Biden’s deal will provide Iran’s rulers with billions of dollars that they can spend on arms and even nuclear power plants (for peaceful purposes only!) from Russia, and use to fund terrorists, and threaten their American-allied neighbors.
Biden won’t submit his deal to Congress as a treaty (as he clearly should) so it won’t bind the next administration. But Russian and Iranian negotiators are reportedly looking for a workaround.
For example, they might persuade Biden to agree that Iran’s enriched uranium be stored in Russia, with the condition that it will be returned to Iran if, at any time, Putin and Iran’s rulers jointly declare that the Americans are violating the agreement.
Or they might insist on an “inherent guarantee” that Iran’s rulers get to keep their advanced centrifuges on standby with permission to continue enriching at 60% if they decide the U.S. has transgressed.

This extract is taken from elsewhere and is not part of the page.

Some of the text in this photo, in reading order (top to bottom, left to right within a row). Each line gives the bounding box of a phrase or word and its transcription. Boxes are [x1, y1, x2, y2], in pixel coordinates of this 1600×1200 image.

By contrast, noncompliance and even out-and-out cheating by the theocratic regime will be ignored or forgiven. We know that based on our experience with the JCPOA.

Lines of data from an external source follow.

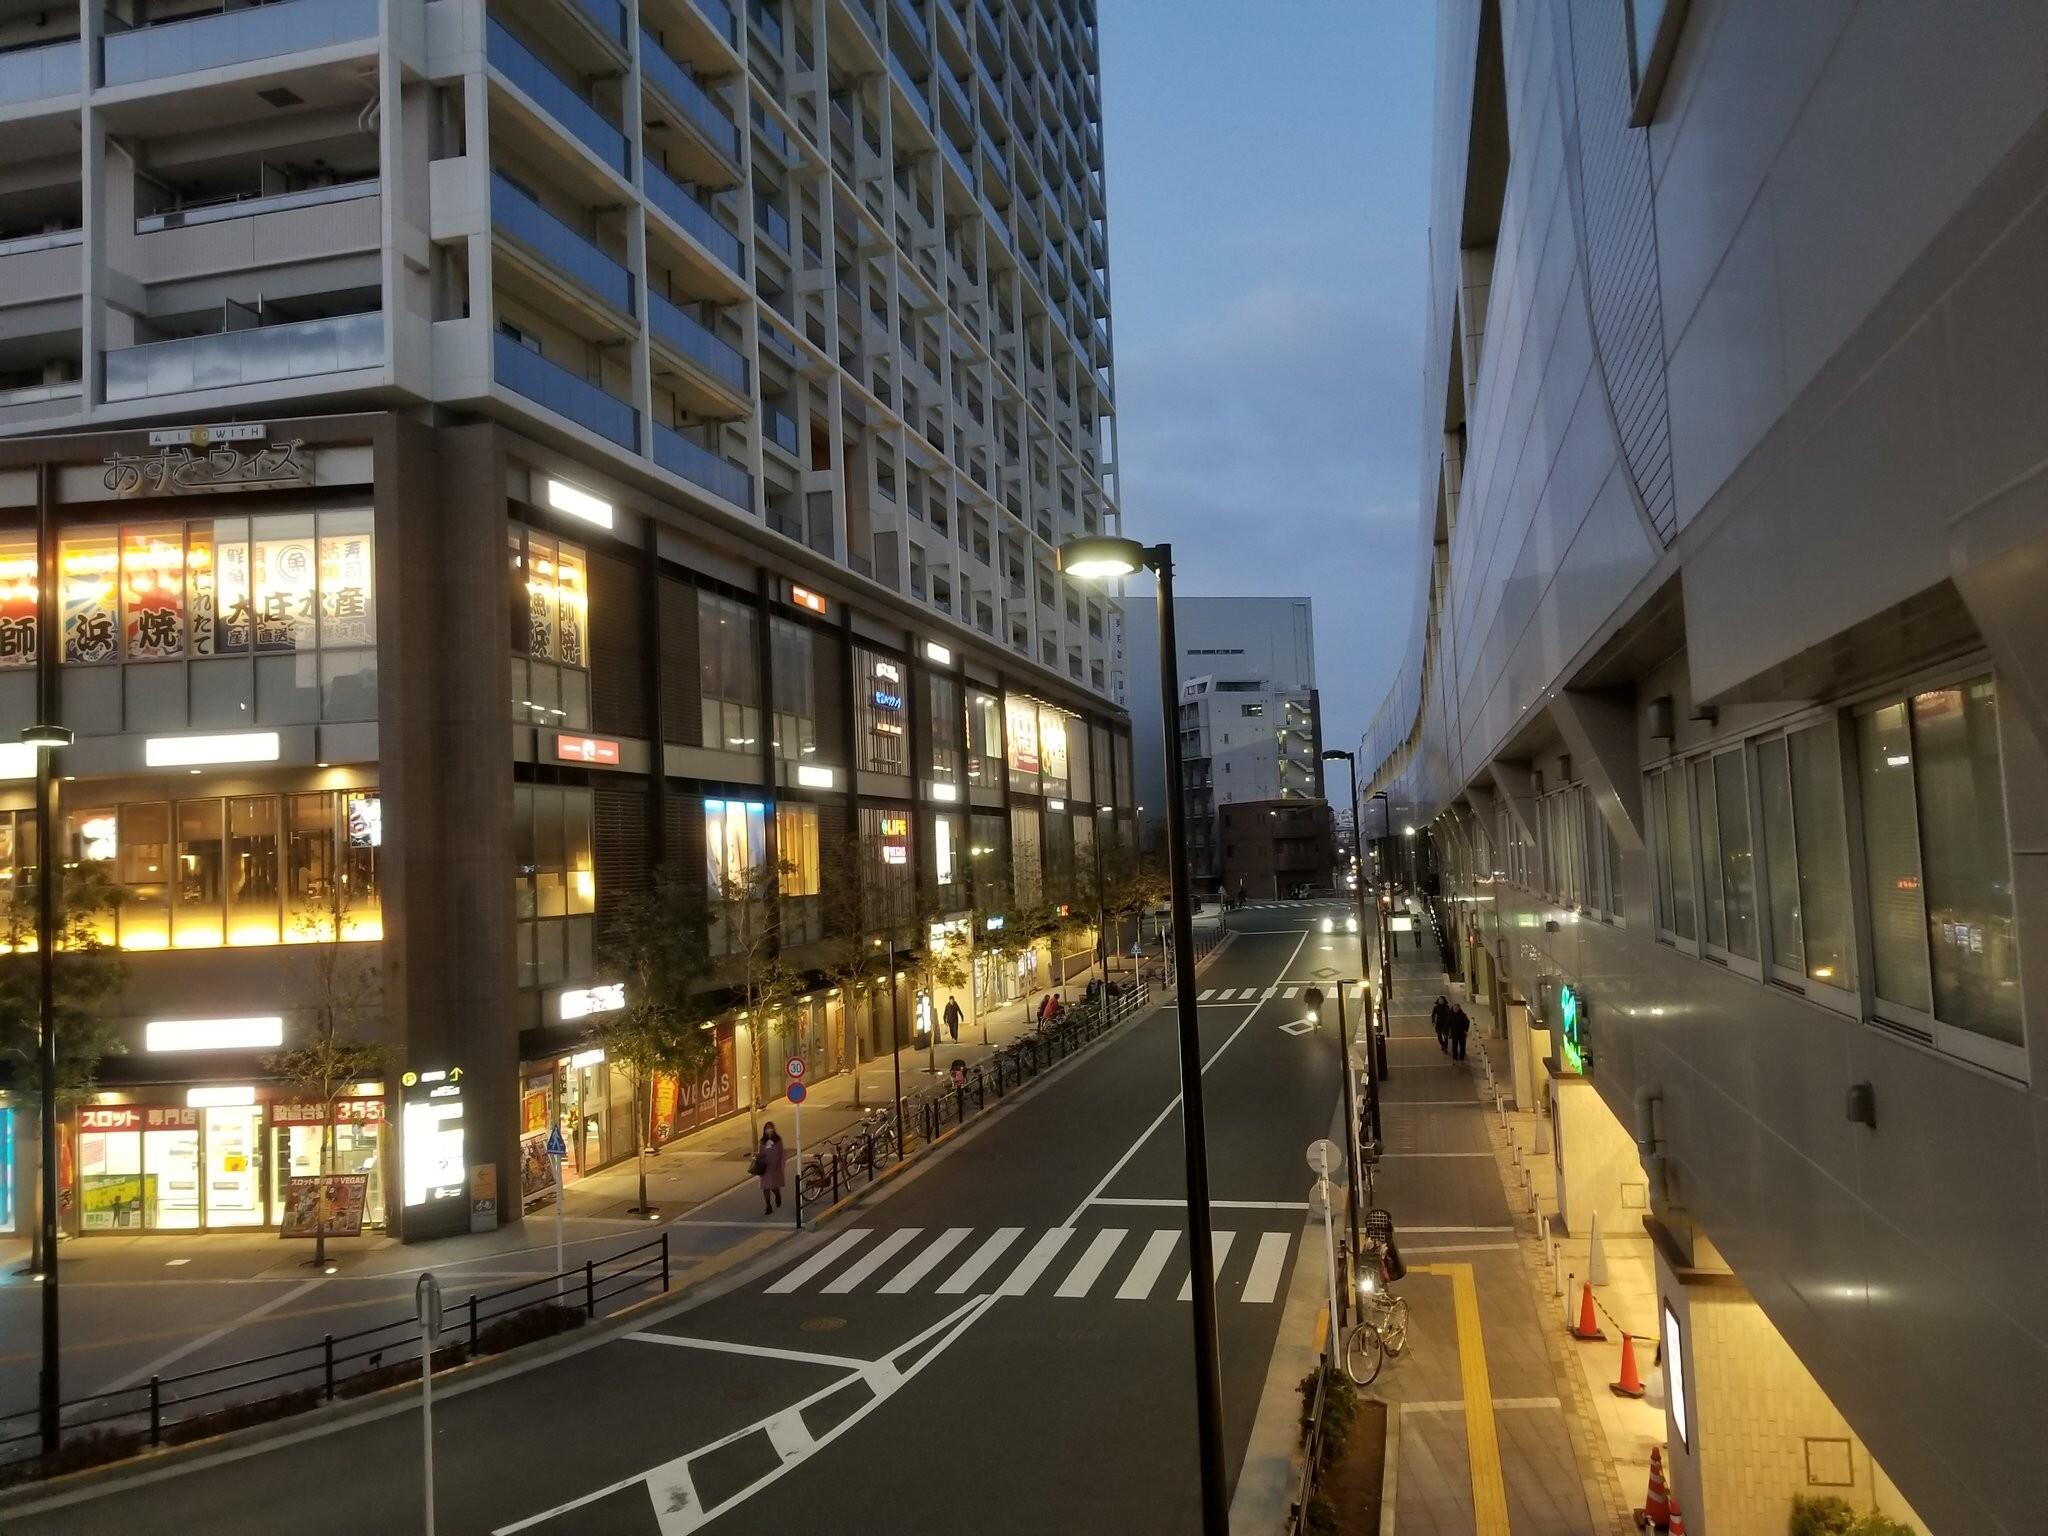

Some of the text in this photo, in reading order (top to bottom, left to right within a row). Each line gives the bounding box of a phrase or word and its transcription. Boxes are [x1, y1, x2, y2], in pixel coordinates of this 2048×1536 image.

[154, 428, 259, 442] AL TO WITH
[343, 540, 363, 578] 寿司
[227, 586, 367, 624] 大庄水産
[0, 617, 36, 656] 師
[888, 819, 907, 836] LIFE
[791, 1063, 802, 1073] 30
[681, 1073, 730, 1107] VEGAS
[82, 1107, 197, 1128] スロット 専門店
[339, 1176, 366, 1185] VEGAS

Relatedly, the head of the International Atomic Energy Agency, Rafael Grossi, said on Saturday that a new deal cannot be concluded unless Tehran first settles outstanding issues relating to nuclear material found at former Iranian nuclear sites that the regime failed to declare.
That will require months. Can a deal be announced before these issues are settled?
Logically no but, in the current era, logic is not a major component in the patterns of behavior driving American foreign policy.
Was it logical to respond to Putin’s many crimes over the years with a salad of carrots and not enough sticks to make a bonfire?
Was it logical to invite him to partner with the United States in negotiations with Iran’s rulers while excluding the American allies most threatened by Iran’s rulers?
Is it logical to give the theocrats in Tehran the means to do in the Middle East what Putin is doing in eastern Europe?
The Biden administration—building on the record of too many of its predecessors—has been establishing a shameful and damaging pattern of behavior: It is proving to be harmless as an enemy and treacherous as a friend.
Clifford D. May is founder and president of the Foundation for Defense of Democracies (FDD), and a columnist for “The Washington Times.”